* Work to complete
What is needed here is an exact transcription of all the entries.

* Given data
────────────────
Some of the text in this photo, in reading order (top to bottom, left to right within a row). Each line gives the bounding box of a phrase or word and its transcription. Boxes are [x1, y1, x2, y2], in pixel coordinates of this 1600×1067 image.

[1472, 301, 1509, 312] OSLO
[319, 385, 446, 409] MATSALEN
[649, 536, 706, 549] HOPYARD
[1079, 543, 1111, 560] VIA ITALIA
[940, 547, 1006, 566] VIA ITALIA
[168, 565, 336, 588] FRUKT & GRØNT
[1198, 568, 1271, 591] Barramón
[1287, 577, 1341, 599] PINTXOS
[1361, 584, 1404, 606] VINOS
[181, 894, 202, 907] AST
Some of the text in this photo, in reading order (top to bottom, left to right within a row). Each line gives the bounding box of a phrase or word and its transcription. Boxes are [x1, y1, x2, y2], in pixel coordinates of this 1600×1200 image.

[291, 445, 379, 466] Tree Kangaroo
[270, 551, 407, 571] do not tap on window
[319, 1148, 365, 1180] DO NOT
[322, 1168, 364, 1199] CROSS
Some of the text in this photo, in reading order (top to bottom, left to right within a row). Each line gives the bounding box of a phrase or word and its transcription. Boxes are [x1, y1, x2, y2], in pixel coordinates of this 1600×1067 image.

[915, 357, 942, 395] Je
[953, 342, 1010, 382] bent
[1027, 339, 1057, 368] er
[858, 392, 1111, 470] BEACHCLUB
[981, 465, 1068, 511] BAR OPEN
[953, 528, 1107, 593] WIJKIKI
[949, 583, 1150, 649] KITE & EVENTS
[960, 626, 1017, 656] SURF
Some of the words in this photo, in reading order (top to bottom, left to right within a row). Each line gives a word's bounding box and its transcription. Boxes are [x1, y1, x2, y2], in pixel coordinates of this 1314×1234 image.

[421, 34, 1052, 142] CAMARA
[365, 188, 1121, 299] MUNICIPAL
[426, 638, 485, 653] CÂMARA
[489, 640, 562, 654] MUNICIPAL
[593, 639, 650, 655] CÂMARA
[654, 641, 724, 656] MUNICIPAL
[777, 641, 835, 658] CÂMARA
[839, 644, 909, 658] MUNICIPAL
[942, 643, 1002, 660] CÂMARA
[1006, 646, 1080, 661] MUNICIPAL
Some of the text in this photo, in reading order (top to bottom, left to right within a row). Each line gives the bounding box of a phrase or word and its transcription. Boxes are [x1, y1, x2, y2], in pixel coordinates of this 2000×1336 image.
────────────────
* Solution
Some of the text in this photo, in reading order (top to bottom, left to right within a row). Each line gives the bounding box of a phrase or word and its transcription. Boxes are [x1, y1, x2, y2], in pixel coordinates of this 1600×1067 image.

[1472, 301, 1509, 312] OSLO
[319, 385, 446, 409] MATSALEN
[649, 536, 706, 549] HOPYARD
[1079, 543, 1111, 560] VIA ITALIA
[940, 547, 1006, 566] VIA ITALIA
[168, 565, 336, 588] FRUKT & GRØNT
[1198, 568, 1271, 591] Barramón
[1287, 577, 1341, 599] PINTXOS
[1361, 584, 1404, 606] VINOS
[181, 894, 202, 907] AST
Some of the text in this photo, in reading order (top to bottom, left to right within a row). Each line gives the bounding box of a phrase or word and its transcription. Boxes are [x1, y1, x2, y2], in pixel coordinates of this 1600×1200 image.

[291, 445, 379, 466] Tree Kangaroo
[270, 551, 407, 571] do not tap on window
[319, 1148, 365, 1180] DO NOT
[322, 1168, 364, 1199] CROSS
Some of the text in this photo, in reading order (top to bottom, left to right within a row). Each line gives the bounding box of a phrase or word and its transcription. Boxes are [x1, y1, x2, y2], in pixel coordinates of this 1600×1067 image.

[915, 357, 942, 395] Je
[953, 342, 1010, 382] bent
[1027, 339, 1057, 368] er
[858, 392, 1111, 470] BEACHCLUB
[981, 465, 1068, 511] BAR OPEN
[953, 528, 1107, 593] WIJKIKI
[949, 583, 1150, 649] KITE & EVENTS
[960, 626, 1017, 656] SURF
Some of the words in this photo, in reading order (top to bottom, left to right within a row). Each line gives a word's bounding box and its transcription. Boxes are [x1, y1, x2, y2], in pixel coordinates of this 1314×1234 image.

[421, 34, 1052, 142] CAMARA
[365, 188, 1121, 299] MUNICIPAL
[426, 638, 485, 653] CÂMARA
[489, 640, 562, 654] MUNICIPAL
[593, 639, 650, 655] CÂMARA
[654, 641, 724, 656] MUNICIPAL
[777, 641, 835, 658] CÂMARA
[839, 644, 909, 658] MUNICIPAL
[942, 643, 1002, 660] CÂMARA
[1006, 646, 1080, 661] MUNICIPAL
Some of the text in this photo, in reading order (top to bottom, left to right within a row). Each line gives the bounding box of a phrase or word and its transcription. Boxes are [x1, y1, x2, y2], in pixel coordinates of this 2000×1336 image.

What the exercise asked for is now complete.